====== Working data
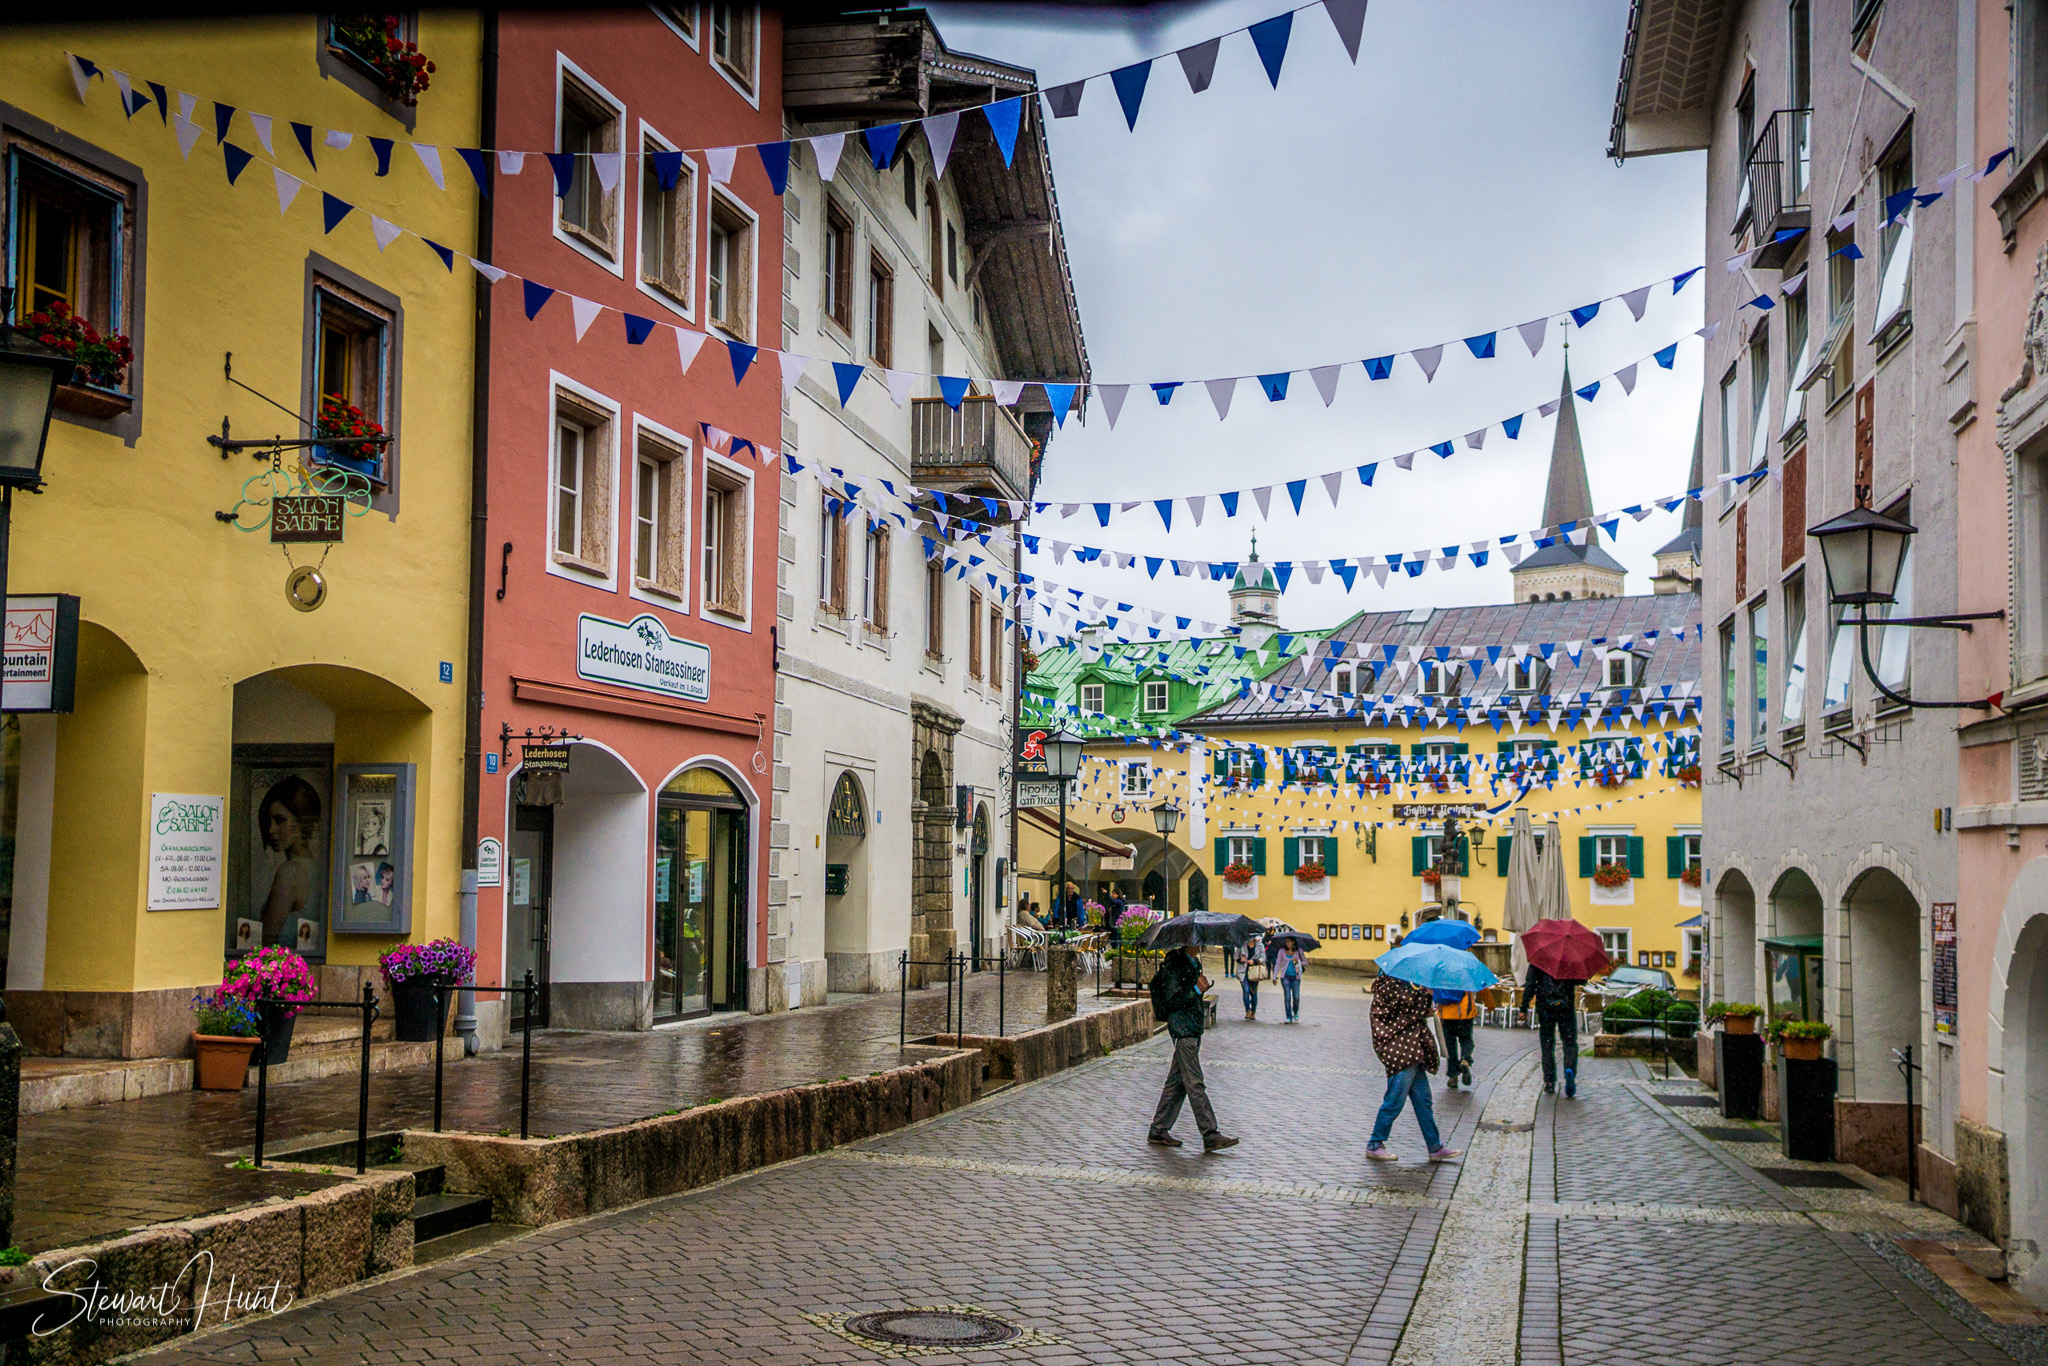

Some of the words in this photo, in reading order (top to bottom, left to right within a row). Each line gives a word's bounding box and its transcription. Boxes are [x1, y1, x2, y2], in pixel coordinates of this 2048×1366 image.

[278, 498, 339, 514] SALON
[275, 515, 340, 531] SABINE
[2, 652, 47, 666] ountain
[584, 637, 642, 670] Lederhosen
[644, 651, 706, 683] Stangassinger
[2, 668, 46, 677] ertainment
[442, 663, 450, 676] 12
[524, 747, 567, 758] Lederhosen
[489, 755, 496, 766] 10
[523, 759, 568, 770] Stangassinger
[1020, 783, 1060, 796] Apothek
[1037, 796, 1060, 805] Mar
[178, 804, 219, 819] SALON
[170, 818, 213, 832] SABINE
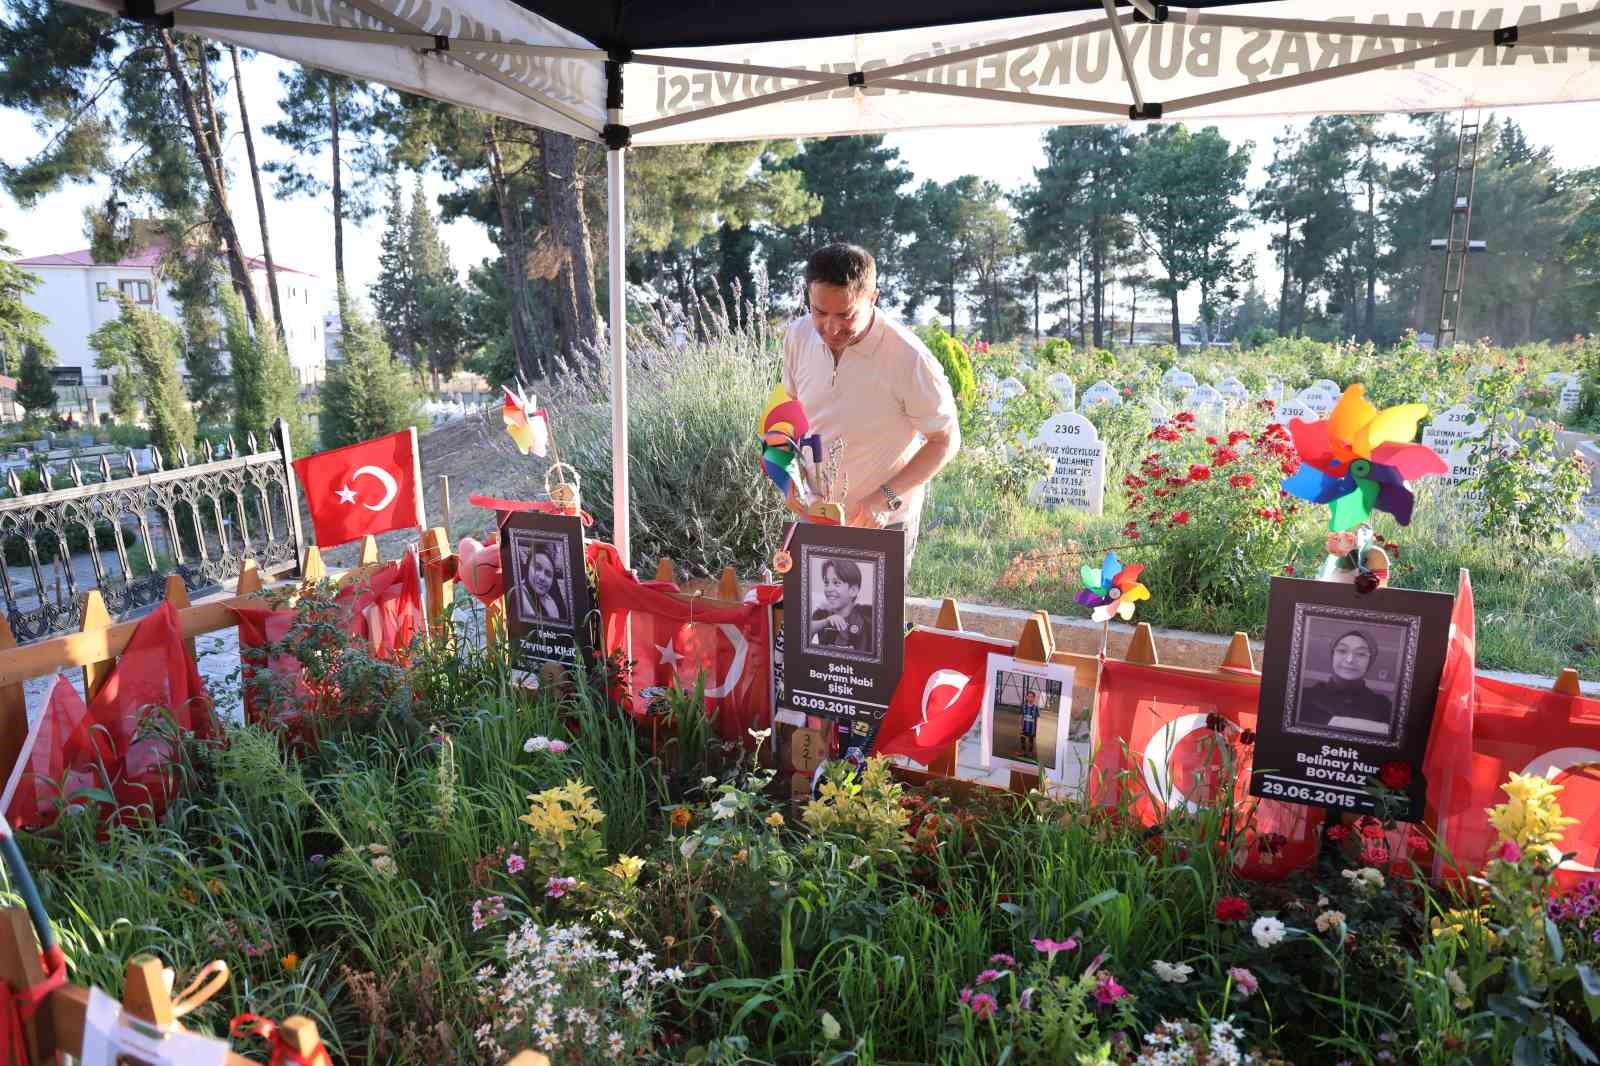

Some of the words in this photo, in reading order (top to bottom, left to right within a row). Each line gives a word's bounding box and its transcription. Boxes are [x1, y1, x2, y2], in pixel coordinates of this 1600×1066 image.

[1055, 424, 1081, 435] 2305
[520, 640, 553, 654] Zeynep
[828, 663, 855, 675] Şehit
[809, 669, 849, 684] Bayram
[850, 675, 874, 688] Nabi
[792, 695, 856, 716] 03.09.2015
[1321, 745, 1359, 760] Şehit
[1296, 752, 1350, 772] Belinay
[1353, 761, 1380, 774] Nur
[1306, 767, 1367, 785] BOYRAZ
[1262, 781, 1356, 807] 29.06.2015
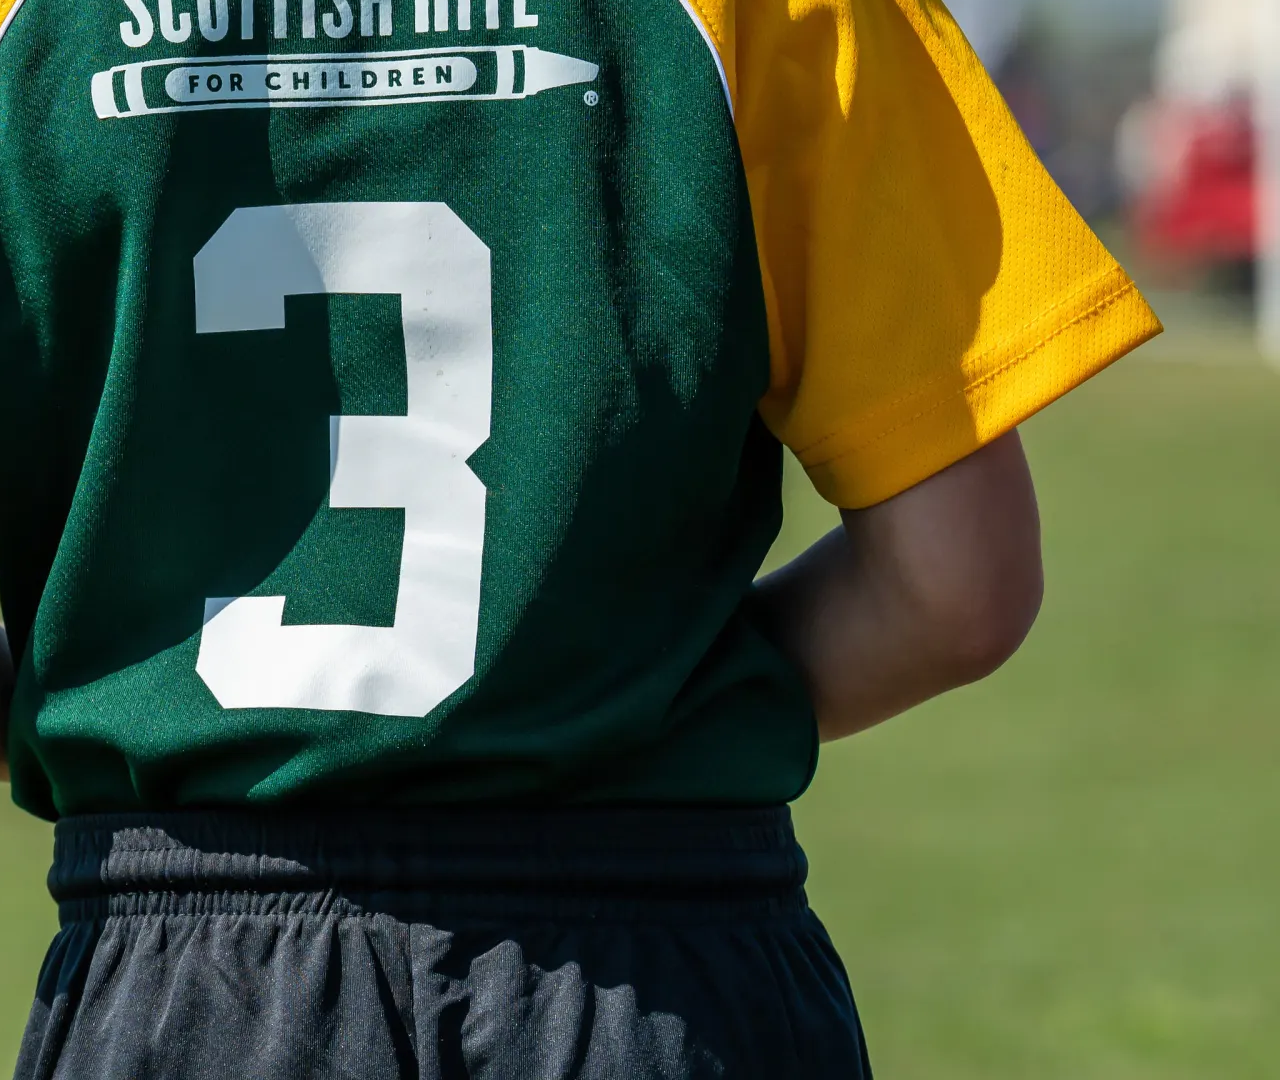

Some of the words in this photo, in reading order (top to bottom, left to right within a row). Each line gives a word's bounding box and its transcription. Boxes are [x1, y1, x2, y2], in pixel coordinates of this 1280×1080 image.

[188, 73, 245, 94] FOR
[264, 64, 454, 91] CHILDREN
[193, 201, 495, 716] 3
============
• What is being asked:
Begin at the line containing "this 1280×1080 image." and reproduce every line through the last one in the records above, exactly.

• Answer space:
Some of the words in this photo, in reading order (top to bottom, left to right within a row). Each line gives a word's bounding box and its transcription. Boxes are [x1, y1, x2, y2], in pixel coordinates of this 1280×1080 image.

[188, 73, 245, 94] FOR
[264, 64, 454, 91] CHILDREN
[193, 201, 495, 716] 3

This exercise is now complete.